University of Pittsburgh immunologist Karen Norris' lab discovers that immunocompromised monkeys with natural antibodies to a pneumocystis protein called kexin are protected from infection by the fungus. Jay Kolls arrives at the University of Pittsburgh from Louisiana State University and assumes a pediatrics professorship at Children's Hospital of Pittsburgh of UPMC for the next five years.
Dr. Kolls begins four-year service as a member of Heather Kling's dissertation committee.
Dr. Kolls returns to LSU for the next three years, but continues to serve on Dr. Kling's doctoral committee.
Dr. Kolls seeks a federal P01 research grant from the National Institutes of Health, citing research from the Norris lab. He also submits a federal STTR small business grant application to set up a company called MiniVax that also cites material from the Norris lab.
September: Dr. Kolls returns to Pittsburgh to head the Richard King Mellon Foundation Institute for Pediatric Research at Children's, funded with a $23 million grant. In a letter to Jerome Rosenberg, Pitt research integrity officer, Dr. Norris cites specific allegations of misconduct regarding Dr. Kolls' use of her research in both grant applications and a patent application for a pneumocystis vaccine.
November: Mr. Rosenberg writes a letter to Dr. Norris saying that Arthur Levine, Pitt senior vice chancellor for the health sciences, has found Dr. Kolls guilty of research misconduct. The letter lays out specific remedial steps Dr. Kolls is to take.
February: Dr. Norris contacts then-Pitt licensing officer Michelle Booden to complain about misuse of the research in Dr. Kolls' patent application for a pneumocystis vaccine.

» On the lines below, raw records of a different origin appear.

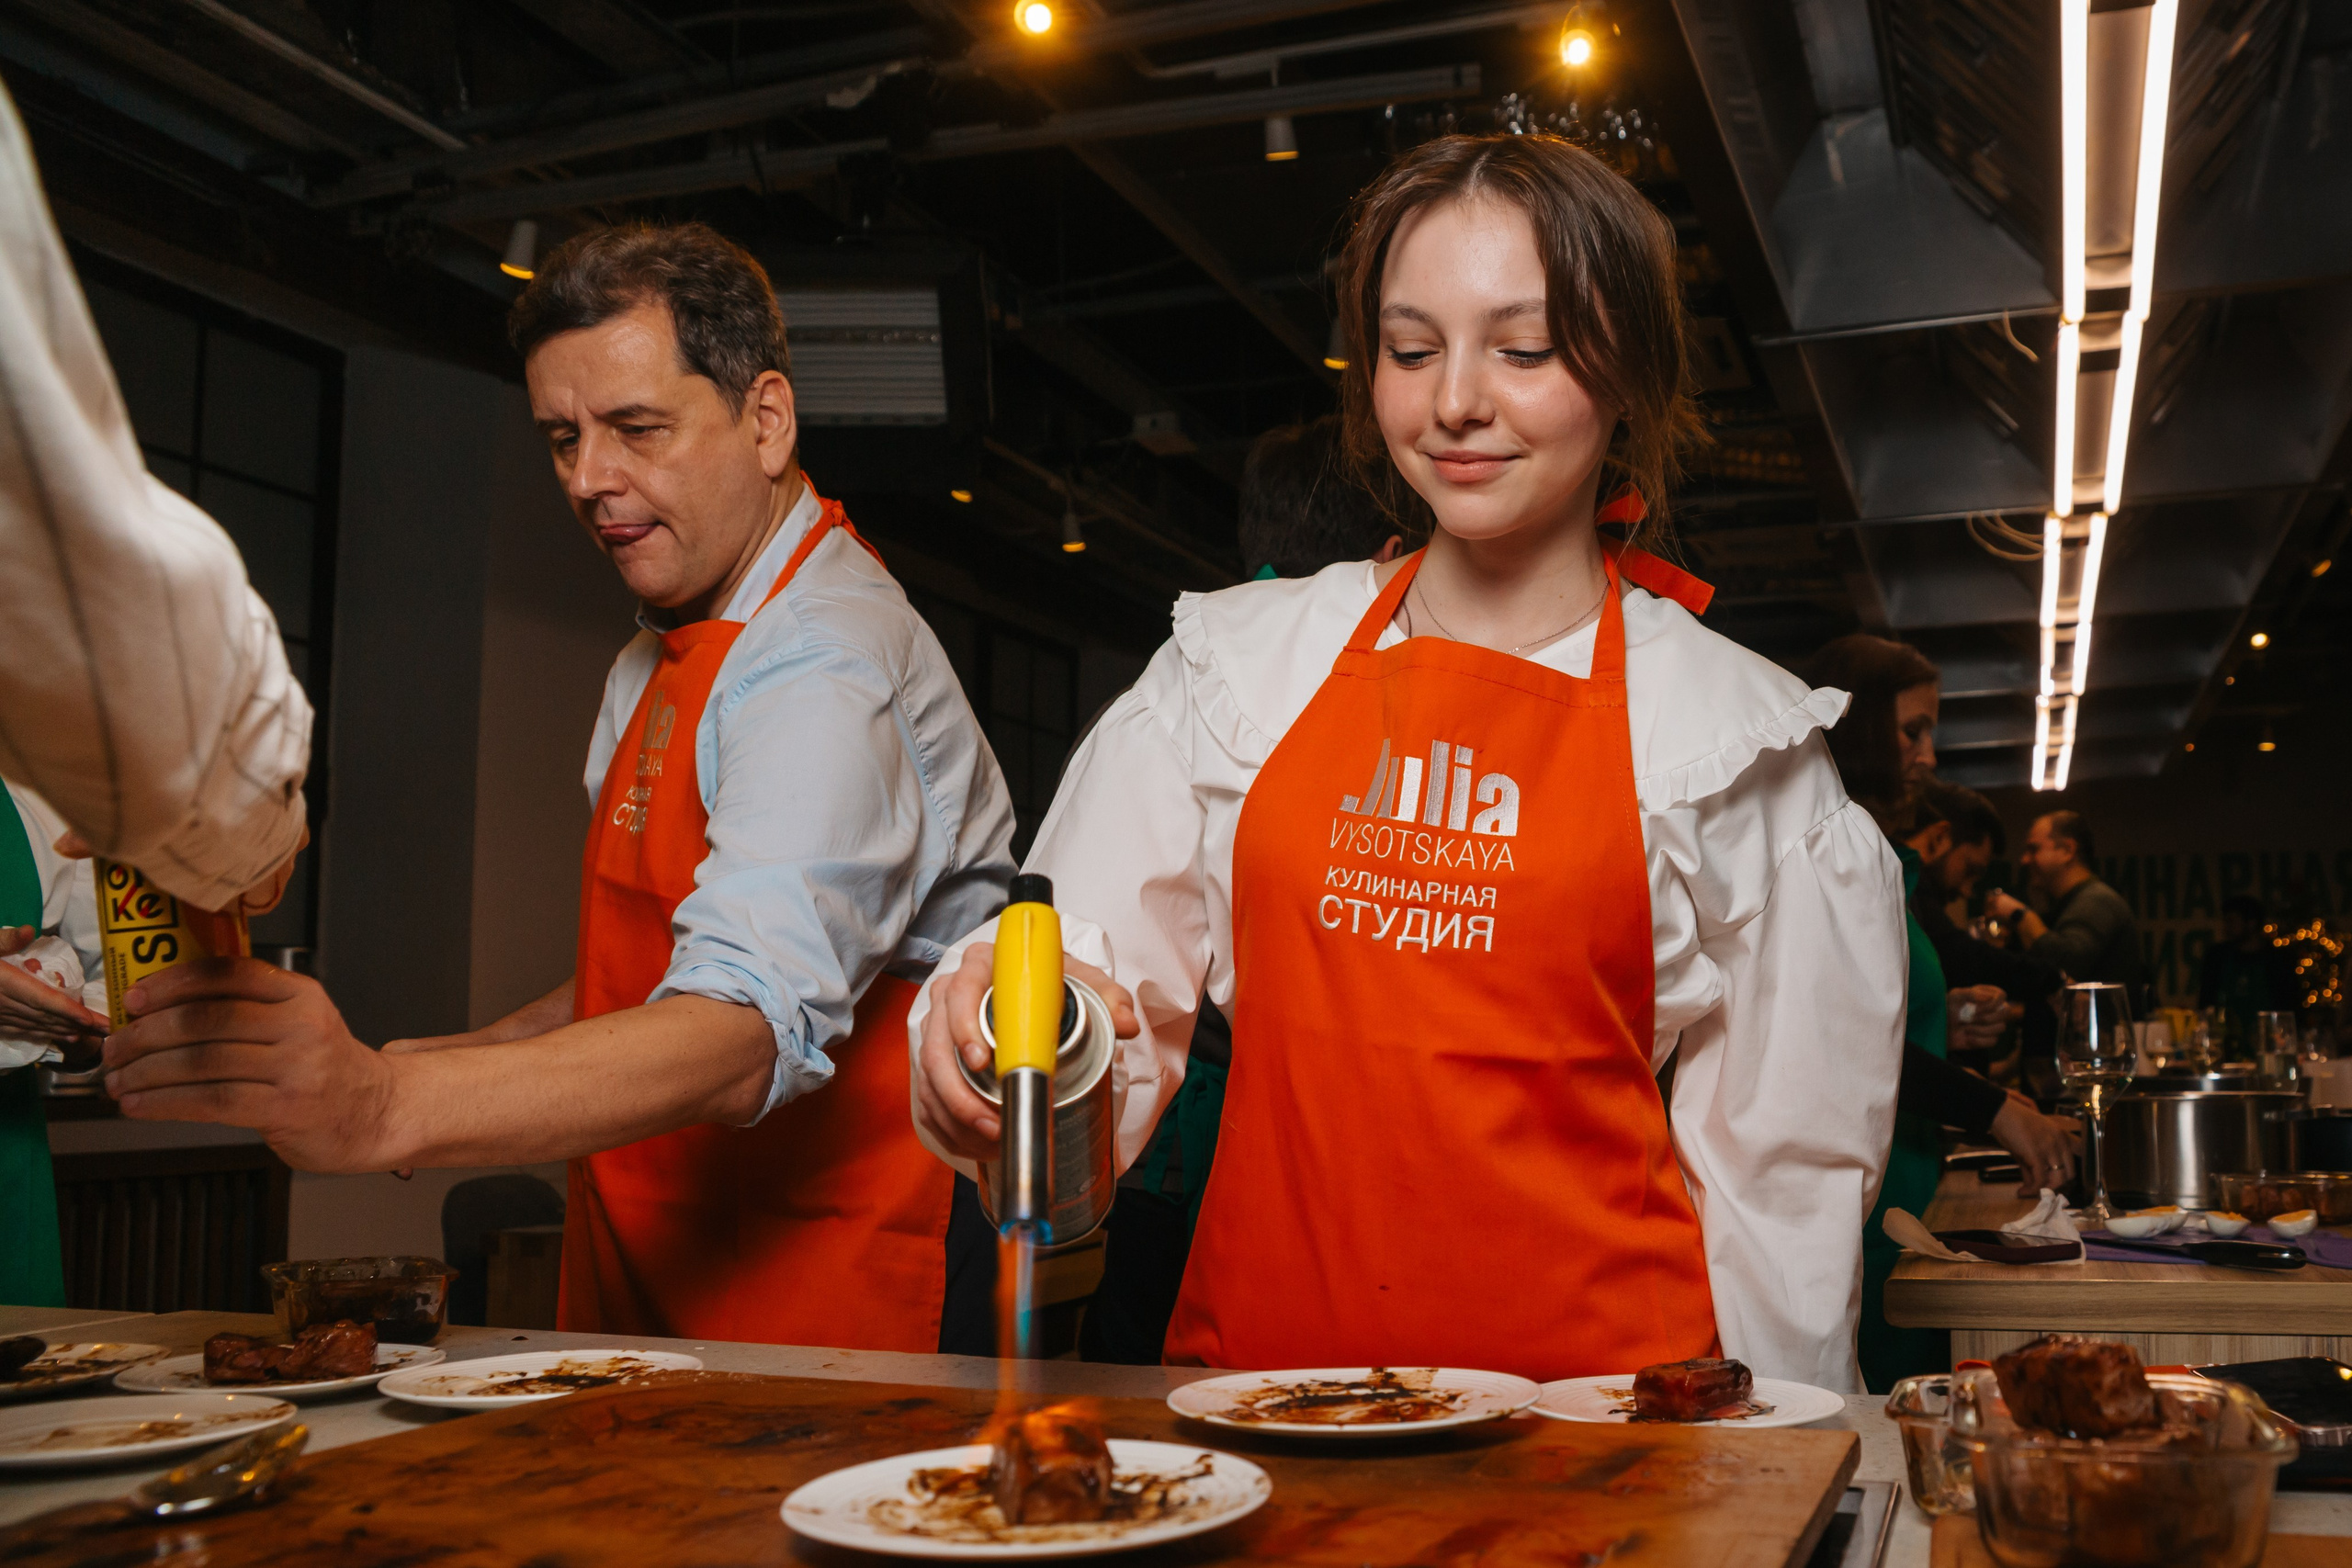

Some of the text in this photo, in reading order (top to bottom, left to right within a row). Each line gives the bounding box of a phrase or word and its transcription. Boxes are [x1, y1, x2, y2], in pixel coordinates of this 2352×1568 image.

[1339, 738, 1520, 837] Julia
[1330, 818, 1514, 872] VYSOTSKAYA
[1324, 865, 1497, 909] КУЛИНАРНАЯ
[1318, 895, 1495, 953] СТУДИЯ
[118, 952, 128, 990] IGRADE

July: Ms. Booden conducts a patent analysis along with LSU patent attorney John Runnels. In conference calls, Dr. Norris and Dr. Kling reiterate charges their research was improperly used by Dr. Kolls to seek a patent; Dr. Kolls denies their work was used. Dr. Norris sends a letter to Mr. Rosenberg with new complaints about fraud in Dr. Kolls' patent application and business startup.

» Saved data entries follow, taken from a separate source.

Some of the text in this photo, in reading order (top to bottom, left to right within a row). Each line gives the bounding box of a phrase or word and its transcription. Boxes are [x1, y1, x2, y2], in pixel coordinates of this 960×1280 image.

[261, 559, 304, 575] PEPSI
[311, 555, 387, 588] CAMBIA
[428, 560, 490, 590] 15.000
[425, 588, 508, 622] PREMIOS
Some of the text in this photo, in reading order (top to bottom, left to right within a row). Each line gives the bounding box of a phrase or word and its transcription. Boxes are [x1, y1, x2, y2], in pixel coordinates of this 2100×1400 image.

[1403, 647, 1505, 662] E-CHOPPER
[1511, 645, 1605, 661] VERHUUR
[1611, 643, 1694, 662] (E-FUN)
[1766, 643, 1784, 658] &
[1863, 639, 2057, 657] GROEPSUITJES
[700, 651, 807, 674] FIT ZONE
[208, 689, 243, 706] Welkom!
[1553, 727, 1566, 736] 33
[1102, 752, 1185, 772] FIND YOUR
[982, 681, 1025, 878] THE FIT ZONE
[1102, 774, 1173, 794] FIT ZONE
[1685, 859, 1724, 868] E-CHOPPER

November: Dr. Norris writes a letter to the University Senate Committee on Tenure and Academic Freedom, seeking an investigation into apparent departures by Pitt from university policy in handling her misconduct complaints.
March: The Tenure and Academic Freedom Committee writes a letter to Dr. Norris citing several shortcomings of Pitt's research integrity office in its investigation of her complaints, and notes that a separate inquiry committee to look into Dr. Kolls' actions has been established.
July: A Pitt faculty committee decides that Dr. Kolls is not guilty of research misconduct in the case, but of the lesser charge of research improprieties, an assessment that Dr. Levine concurs with.
August: Pitt officials ask the U.S. Patent Office to add Dr. Norris and Dr. Kling to the patent application for a pneumocystis vaccine.
January: Drs. Norris and Kling file a lawsuit in U.S. District Court, asking for a declaratory judgment giving them sole intellectual property rights to a pneumocystis vaccine, and claiming Drs. Kolls and Zheng had stolen their research and made up other research results to apply for a patent.